REQUIRED WORK: Output the entries that follow character for character. Leave every image out.

INFORMATION:
>>>
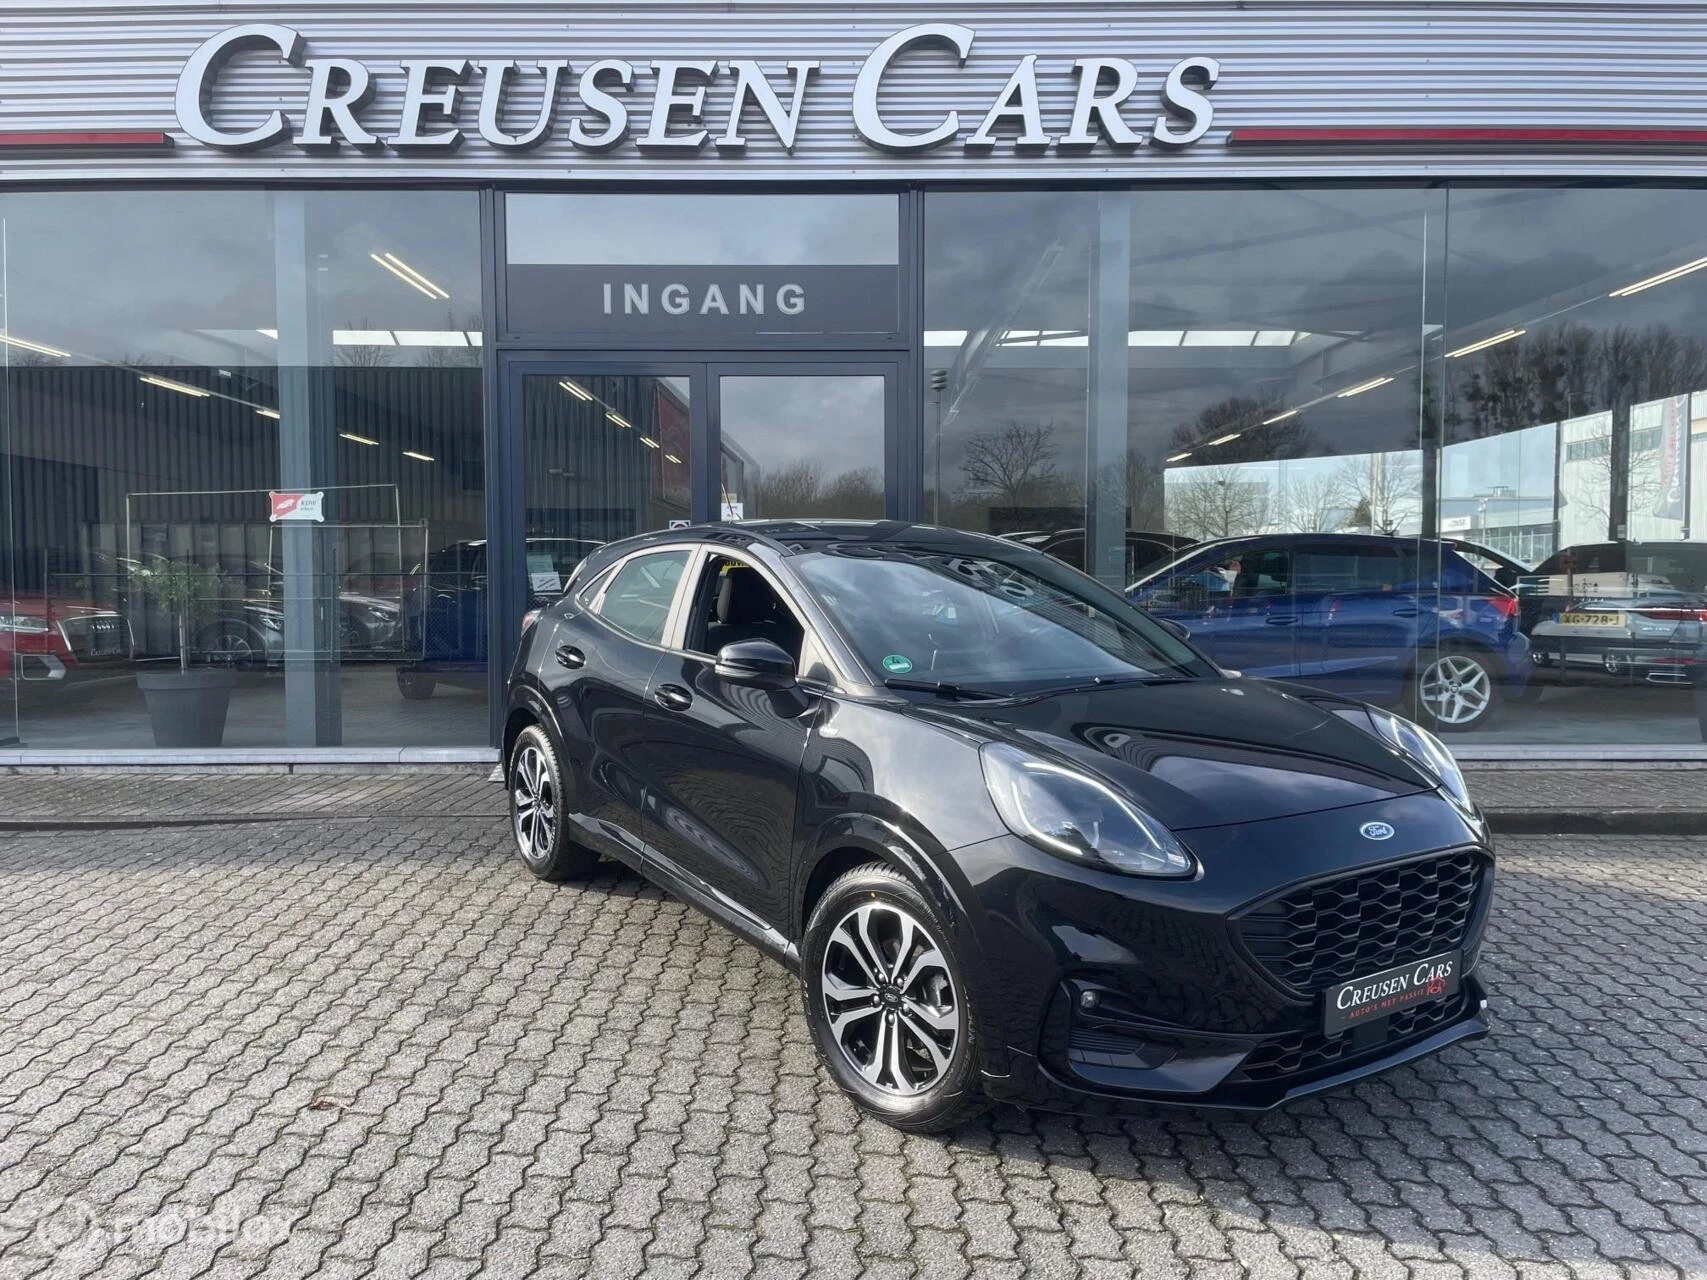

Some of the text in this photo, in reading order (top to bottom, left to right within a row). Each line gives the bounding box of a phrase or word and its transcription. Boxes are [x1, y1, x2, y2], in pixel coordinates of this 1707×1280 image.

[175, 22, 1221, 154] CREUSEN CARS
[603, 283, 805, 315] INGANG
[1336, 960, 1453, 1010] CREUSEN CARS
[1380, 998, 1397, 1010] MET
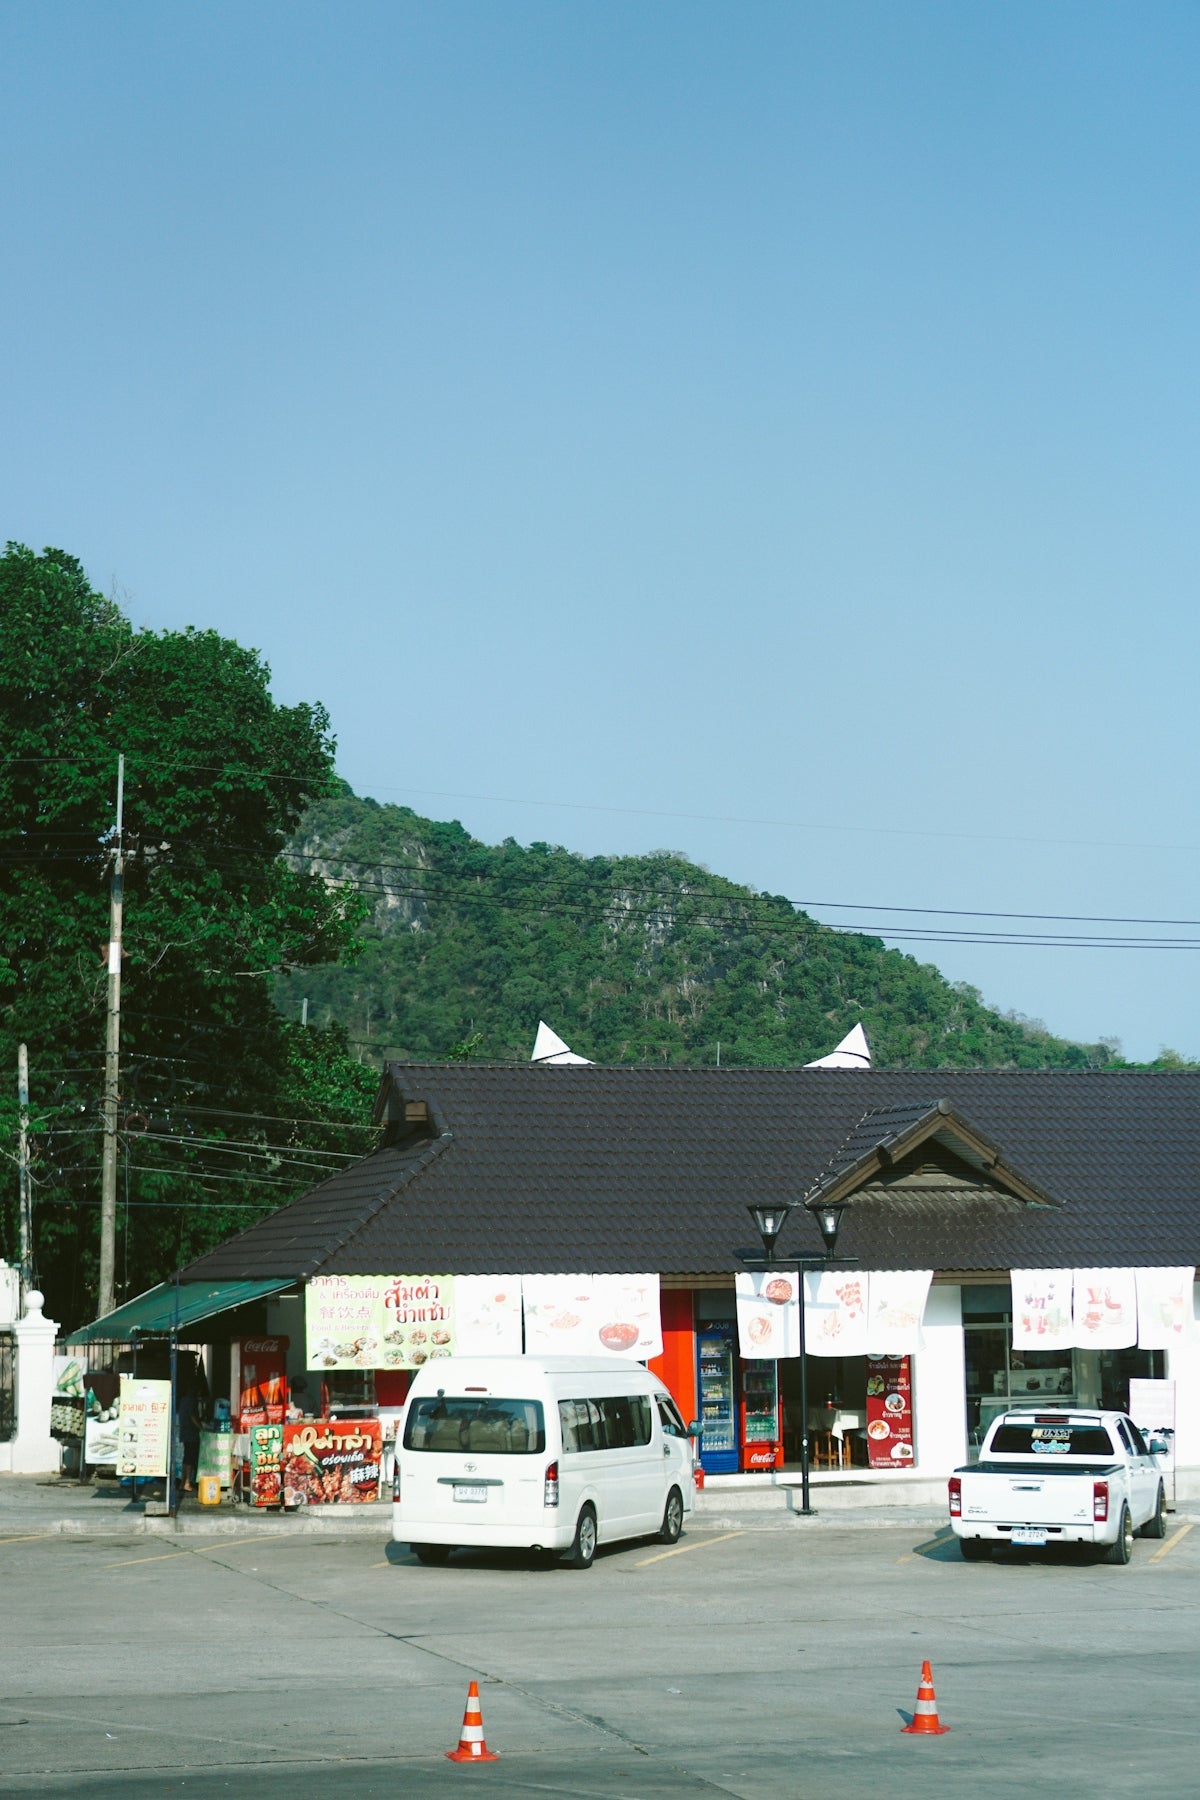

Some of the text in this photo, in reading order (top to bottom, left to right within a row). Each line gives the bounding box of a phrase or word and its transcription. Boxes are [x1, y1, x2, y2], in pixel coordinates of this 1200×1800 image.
<<<
RESULT OF THE TASK:
Some of the text in this photo, in reading order (top to bottom, left to right within a row). Each line gives the bounding box of a phrase or word and its transcription. Boxes are [x1, y1, x2, y2], in pixel coordinates of this 1707×1280 image.

[175, 22, 1221, 154] CREUSEN CARS
[603, 283, 805, 315] INGANG
[1336, 960, 1453, 1010] CREUSEN CARS
[1380, 998, 1397, 1010] MET

Some of the text in this photo, in reading order (top to bottom, left to right within a row). Each line gives the bounding box of a phrase or word and its transcription. Boxes are [x1, y1, x2, y2], in pixel coordinates of this 1200×1800 image.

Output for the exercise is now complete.